Supplied data Block Start

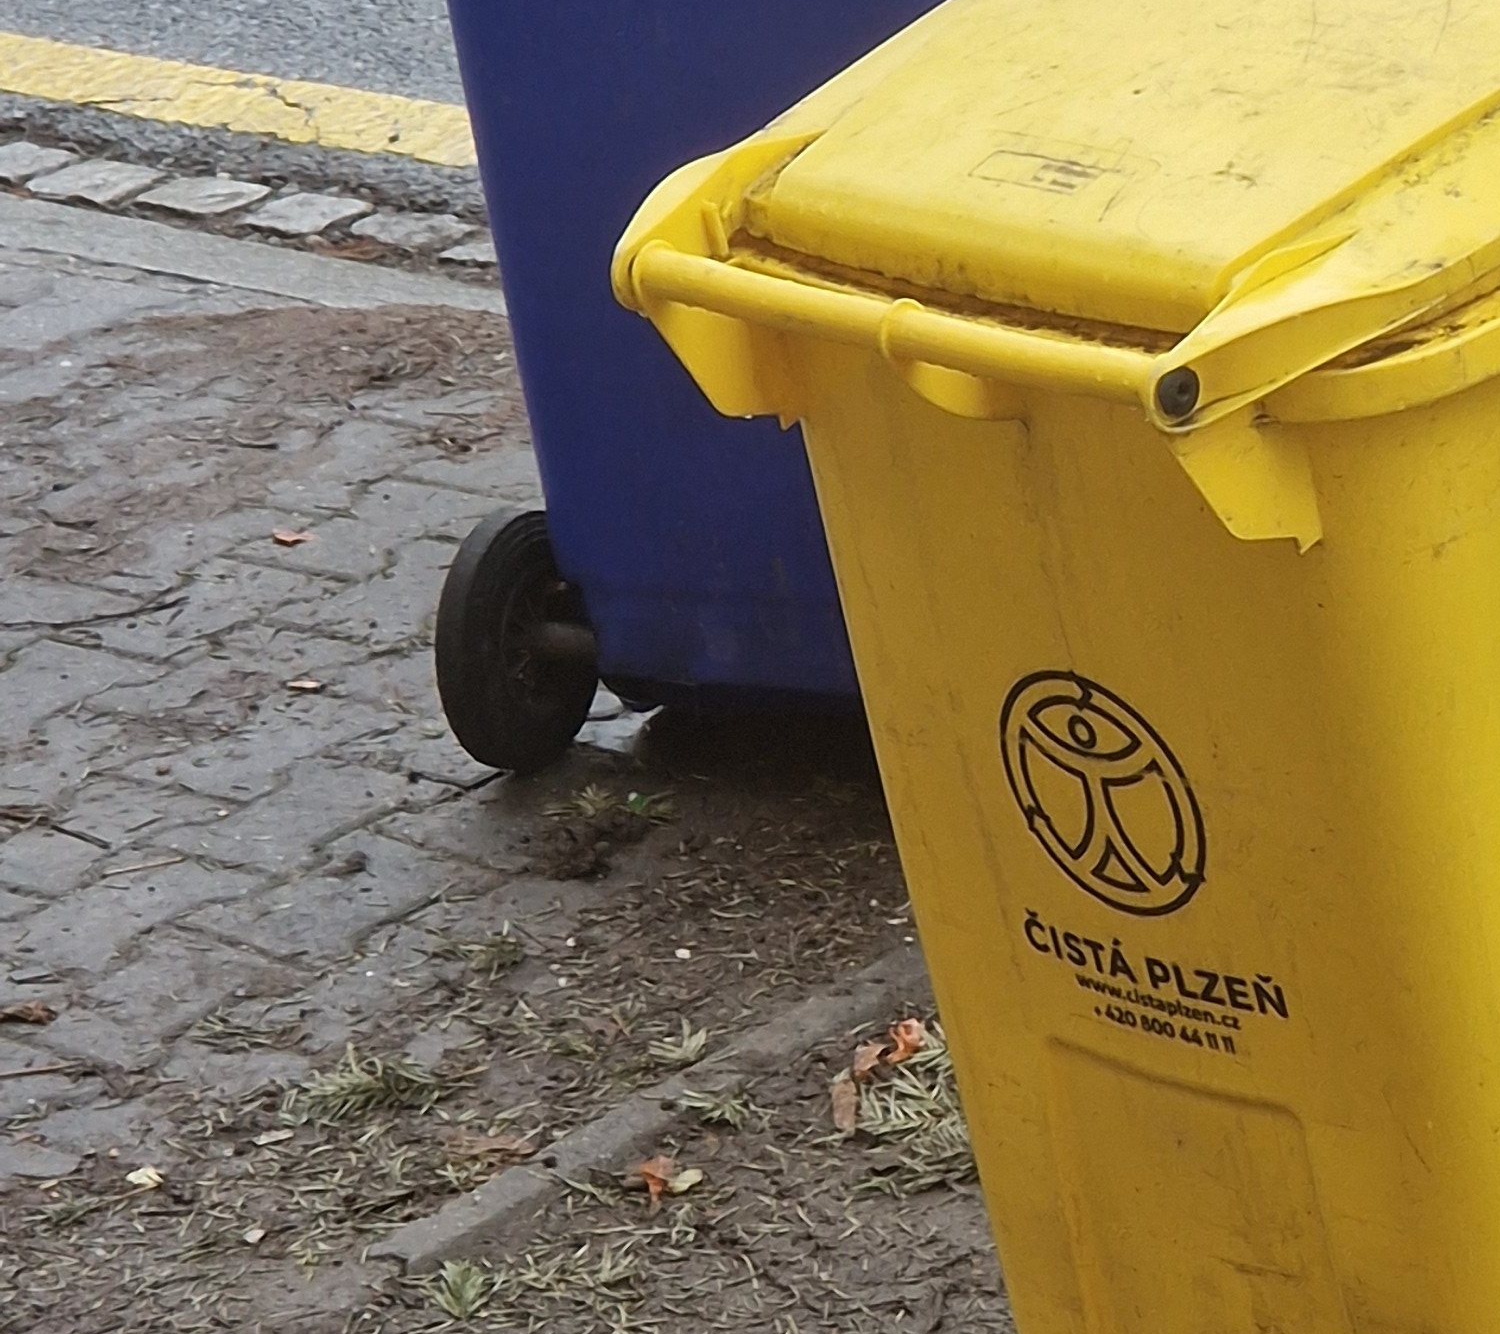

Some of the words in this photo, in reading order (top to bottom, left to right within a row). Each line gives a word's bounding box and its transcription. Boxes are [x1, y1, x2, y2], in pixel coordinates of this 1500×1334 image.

[1023, 907, 1138, 984] ČISTÁ
[1145, 956, 1289, 1019] PLZEŇ
[1075, 973, 1241, 1030] www.cistaplzen.cz
[1140, 1014, 1176, 1038] 800
[1179, 1025, 1203, 1047] 44
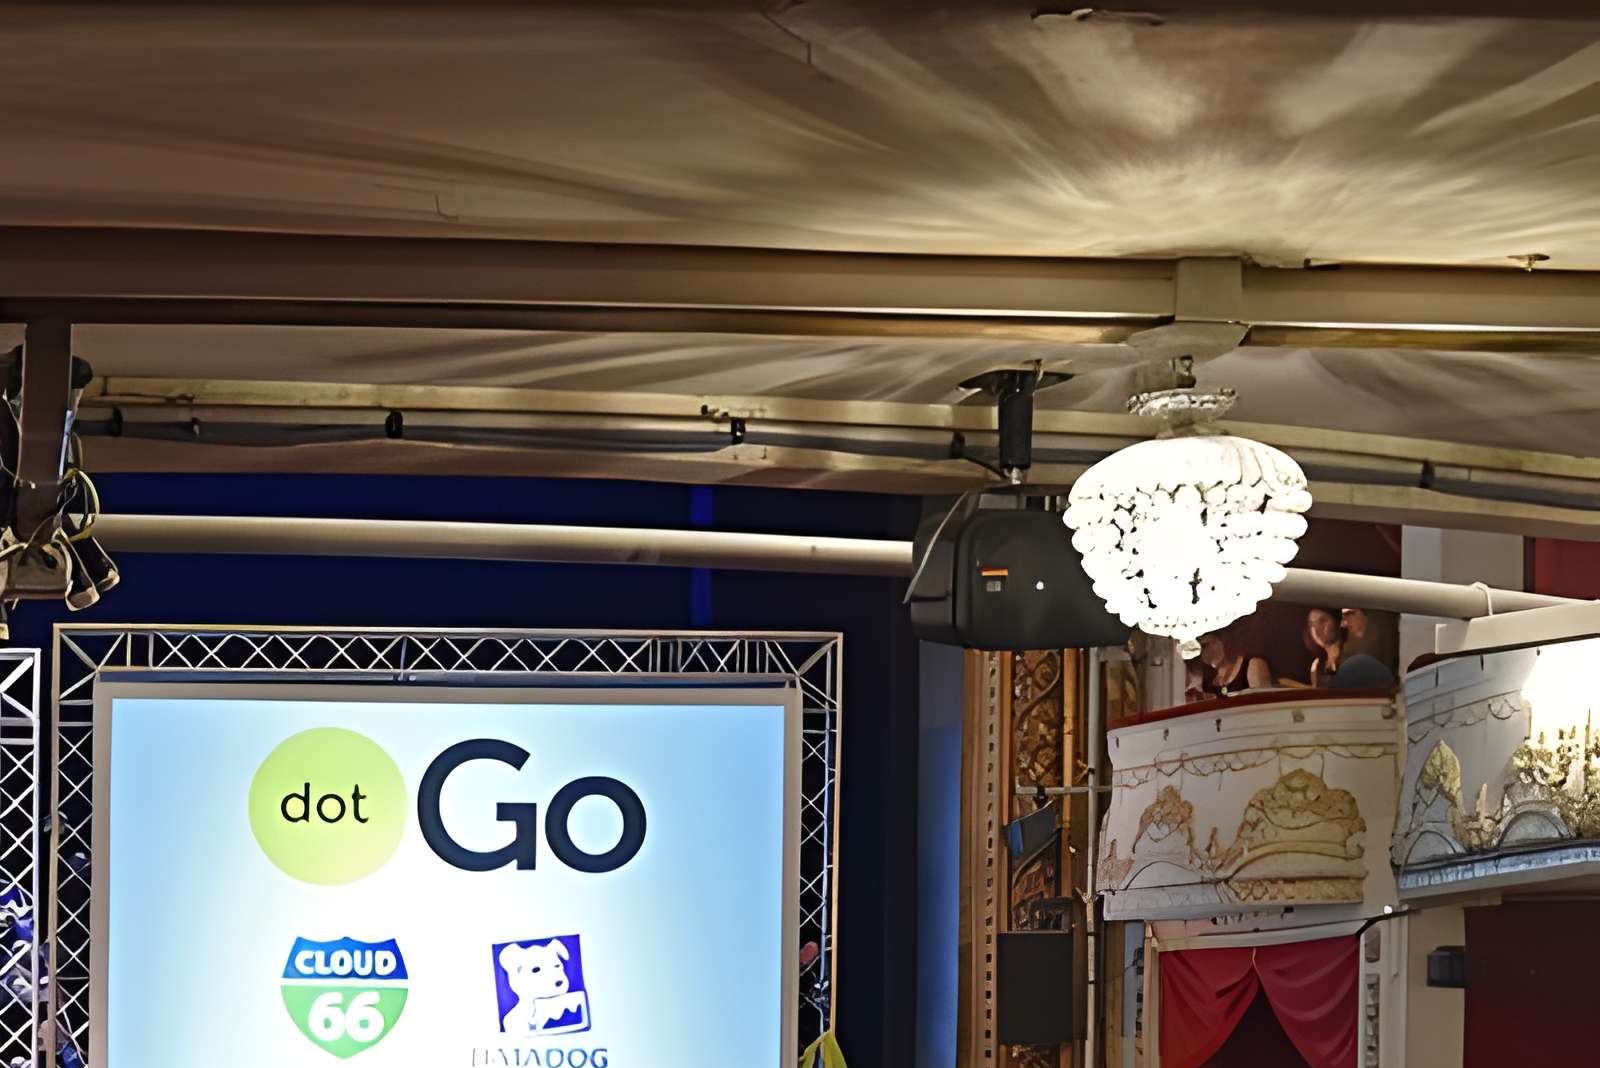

Supplied data Block End

(What the exercise asks) Repeat the listing above verbatim, but exclude the pictures it contains.

(Response)
Some of the words in this photo, in reading order (top to bottom, left to right within a row). Each line gives a word's bounding box and its transcription. Boxes are [x1, y1, x2, y2], in pixel coordinates of this 1500×1334 image.

[1023, 907, 1138, 984] ČISTÁ
[1145, 956, 1289, 1019] PLZEŇ
[1075, 973, 1241, 1030] www.cistaplzen.cz
[1140, 1014, 1176, 1038] 800
[1179, 1025, 1203, 1047] 44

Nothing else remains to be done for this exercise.